Task input =
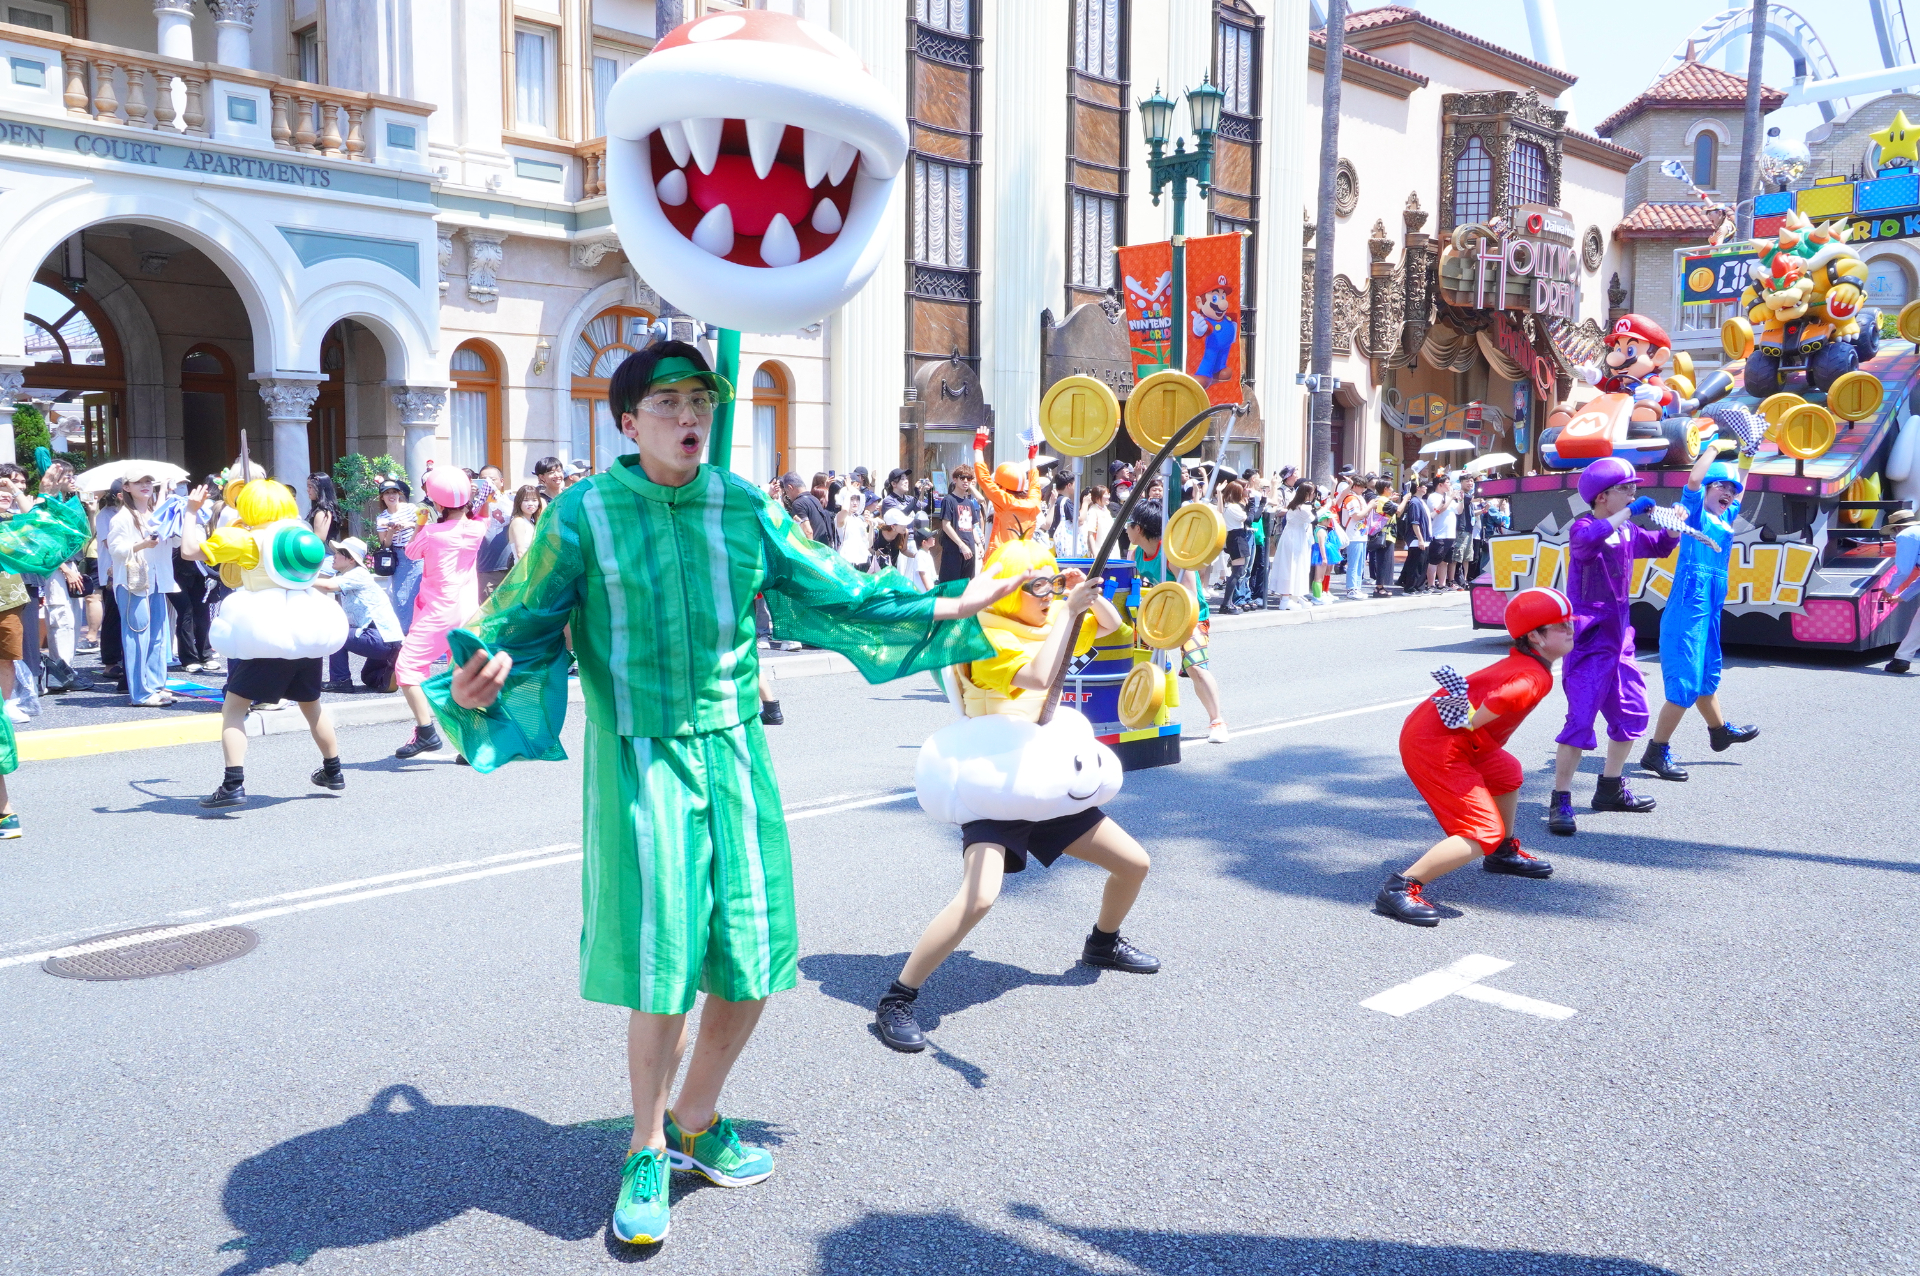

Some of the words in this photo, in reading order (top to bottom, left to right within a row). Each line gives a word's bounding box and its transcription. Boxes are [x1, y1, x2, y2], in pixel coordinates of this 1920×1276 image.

[74, 134, 162, 164] COURT
[183, 150, 331, 188] APARTMENTS
[1843, 218, 1901, 241] RIO
[1477, 237, 1582, 311] HOLLYWO
[1128, 316, 1171, 331] NINTEND
[1138, 328, 1171, 342] WORLD
[1105, 369, 1134, 384] FACT

Exercise details = Print the records again exactly. Skip every picture.

The completed task =
Some of the words in this photo, in reading order (top to bottom, left to right within a row). Each line gives a word's bounding box and its transcription. Boxes are [x1, y1, x2, y2], in pixel coordinates of this 1920×1276 image.

[74, 134, 162, 164] COURT
[183, 150, 331, 188] APARTMENTS
[1843, 218, 1901, 241] RIO
[1477, 237, 1582, 311] HOLLYWO
[1128, 316, 1171, 331] NINTEND
[1138, 328, 1171, 342] WORLD
[1105, 369, 1134, 384] FACT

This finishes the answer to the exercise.